3. NTC in wrong position (15%) — if the sensor has been displaced (not fully inserted into its grommet), it reads air temperature instead of water temperature.
4. Wiring resistance (15%) — a high-resistance connection in the wiring adds to the NTC reading, making the board think the water is colder than it actually is.
5. Board ADC fault (5%) — the analog-to-digital converter reading the NTC has drifted.

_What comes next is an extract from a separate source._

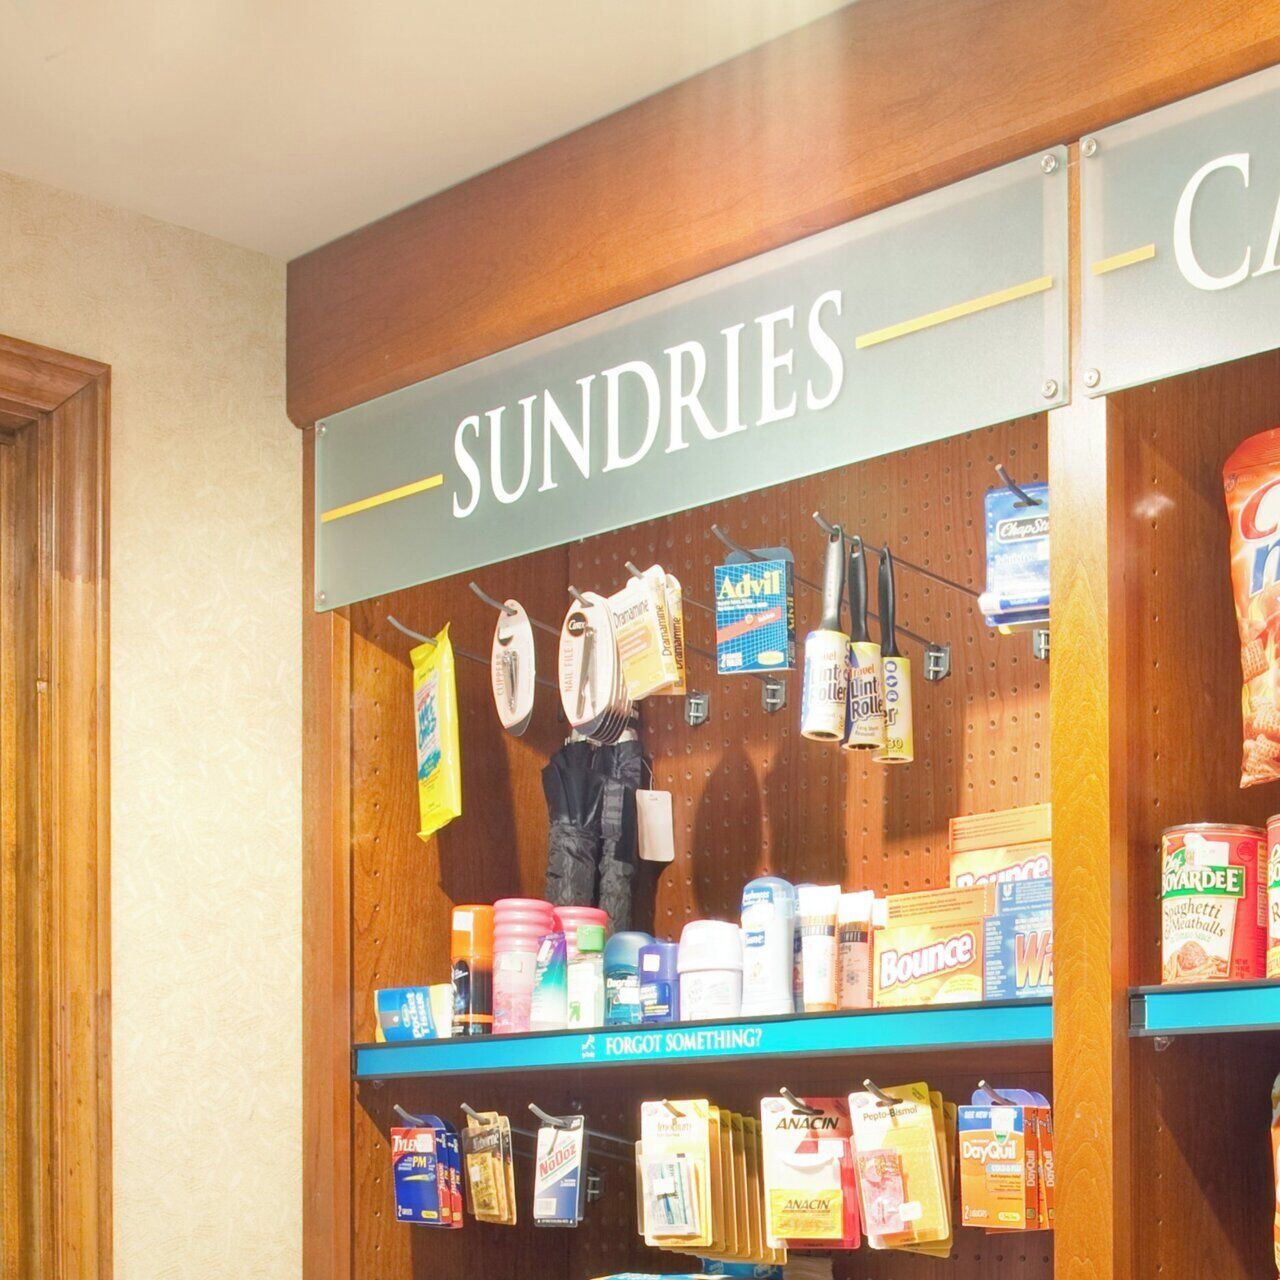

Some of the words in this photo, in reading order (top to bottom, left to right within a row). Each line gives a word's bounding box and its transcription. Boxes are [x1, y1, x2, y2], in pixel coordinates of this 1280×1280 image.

What You're Probably Seeing Right Now

  • The machine refuses to start any cycle — the board rejects the implausible temperature reading and won't proceed.
  • Hot cycles overheat or underheat the water — before E70 appeared, you may have noticed washes were either too hot or not hot enough. The drifting sensor was giving increasingly wrong readings.
  • The display shows an absurd temperature — like 0°C on a warm day or 80°C for a cold fill. This confirms the sensor reading is wrong.
  • E70 appears intermittently — works fine some days, throws E70 others. This is classic for a corroded connector that moisture affects inconsistently.
  • The problem started after humid/damp conditions — summer humidity, a basement installation, or a leak nearby can introduce moisture to the sensor connector.

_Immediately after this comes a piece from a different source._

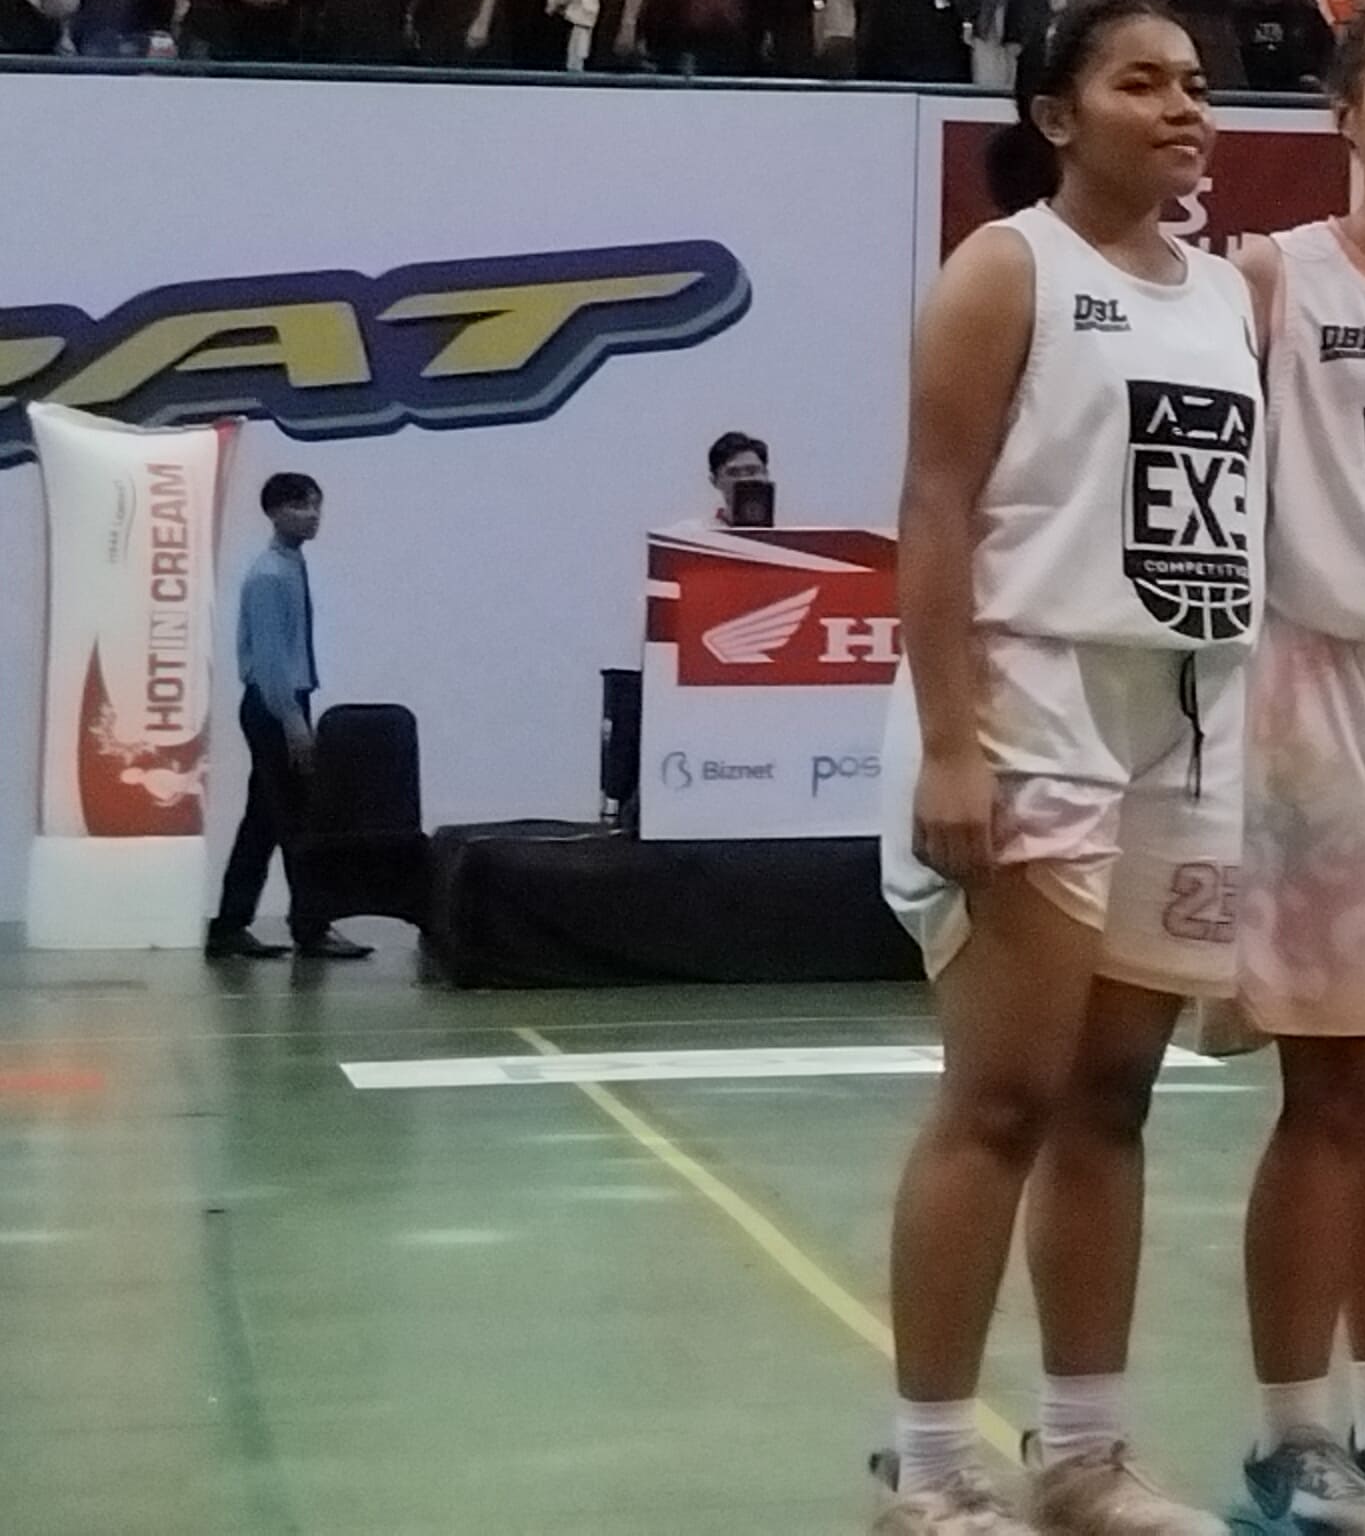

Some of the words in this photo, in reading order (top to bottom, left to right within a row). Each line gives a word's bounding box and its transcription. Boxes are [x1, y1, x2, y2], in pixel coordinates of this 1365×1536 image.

[0, 261, 722, 409] AT
[146, 462, 189, 602] CREAM
[702, 760, 774, 782] Biznet

DIY Fix — From Easiest to Hardest

1

Power Reset (2 minutes)

Sometimes the board's stored calibration data gets corrupted:

1. Unplug for **10 minutes.**
2. Plug back in and check if the displayed temperature makes sense.
3. If E70 doesn't return, the board's temperature logic reset correctly.
2

Clean the NTC Connector — The Most Common Fix (10 minutes)

Corroded connectors are the #1 cause of implausible readings:

1. **Unplug the machine** and remove the back panel.
2. Find the NTC sensor — near the heating element at the bottom of the tub.
3. **Disconnect the 2-pin connector.**
4. **Inspect closely:** Look for green or white corrosion on the metal pins. Even a thin film of corrosion changes the resistance enough to distort the reading.
5. **Clean with fine sandpaper (600 grit)** or a fiberglass pen. Follow with **electrical contact cleaner** spray.
6. **Dry thoroughly** — use compressed air or a dry cloth. Moisture is the enemy here.
7. Reconnect firmly. For extra protection, apply a small amount of **dielectric grease** to the connector — this prevents future corrosion.

**Success rate:** About 35% of E70 cases are resolved by cleaning the connector.
3

Check NTC Sensor Position (3 minutes)

A displaced sensor gives accurate but wrong readings:

1. The NTC probe should be **fully inserted** into its rubber grommet on the tub or heating element housing.
2. **Push it in firmly** — if it slides in more than it was, it was reading air instead of water.
3. The sensor tip needs to be **in contact with or submerged in the wash water** for accurate readings.

**Why this happens:** During other repairs (element replacement, pump access), the NTC can be accidentally pulled partially out.
4

Test NTC Accuracy with a Multimeter (5 minutes)

Verify the sensor is reading correctly:

1. **Disconnect the NTC** and measure its resistance:
- Room temperature (~20°C/68°F): should be **10,000-15,000Ω** (10-15kΩ).
- Warm it in your hand (~37°C): should drop to **~6,000-8,000Ω.**
2. **Compare actual room temperature** (use any household thermometer) with the NTC reading. If the resistance should give 20°C but actually reads as 10°C or 35°C equivalent, the sensor has drifted.
3. **Advanced test:** Submerge the sensor in water of known temperature (use a cooking thermometer) and compare the measured resistance to the NTC resistance chart for your model.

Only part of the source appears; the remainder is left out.